C'est ce qui a été fait de plus original, de plus vrai, de plus poignant, de mieux écrit, de moins formaté, de plus étonnant, drôle, dramatique, de mieux joué, de moins conformiste, depuis de très nombreuses années. Mais c'est aussi lent, théâtral, exigeant, intello, politisé. Et pour toutes ces raisons, j'ai adoré Horace and Pete, mais cette série n'est pas destinée à un grand public.
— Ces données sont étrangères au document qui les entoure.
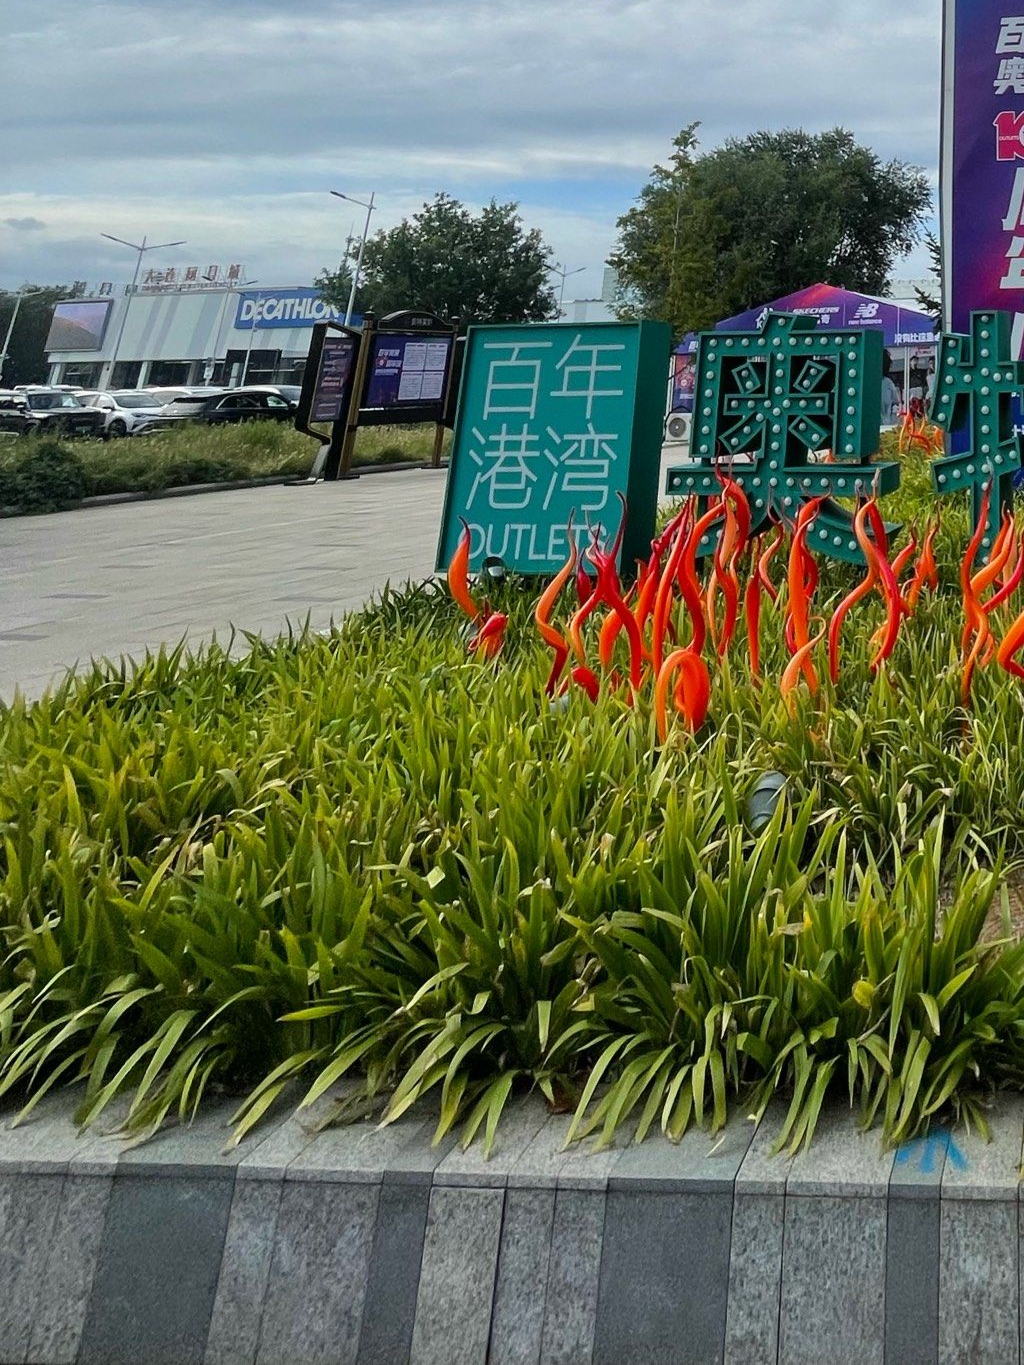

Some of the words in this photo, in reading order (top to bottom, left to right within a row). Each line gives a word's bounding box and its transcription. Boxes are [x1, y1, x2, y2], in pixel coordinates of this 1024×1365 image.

[1002, 130, 1024, 141] 10th
[240, 299, 341, 322] DECATHLON
[484, 334, 626, 420] 百年
[466, 423, 618, 510] 港湾
[458, 523, 611, 561] OUTLETS
Ça tombe bien, son créateur, Louis C.K., l'a écrite, réalisé, produite et diffusée sans l'aide de la télévision, ni d'aucun studio ou géant de la diffusion. On la trouve sur son site web, on peut acheter épisode par épisode ou la série entière (10 épisodes), maintenant qu'elle est terminée. Si vous doutez, vous pouvez trouver facilement le premier épisode à télécharger gratuitement chez nos amis les pirates. C'est ce que j'ai fait. Puis j'ai acheté l'épisode, et tous les suivants. Et je suis ravie d'avoir payé pour ce bijou. Selon sa dernière newsletter (ses newsletters sont des merveilles que je lis avec bonheur chaque semaine) la série est presque rentrée dans ses frais.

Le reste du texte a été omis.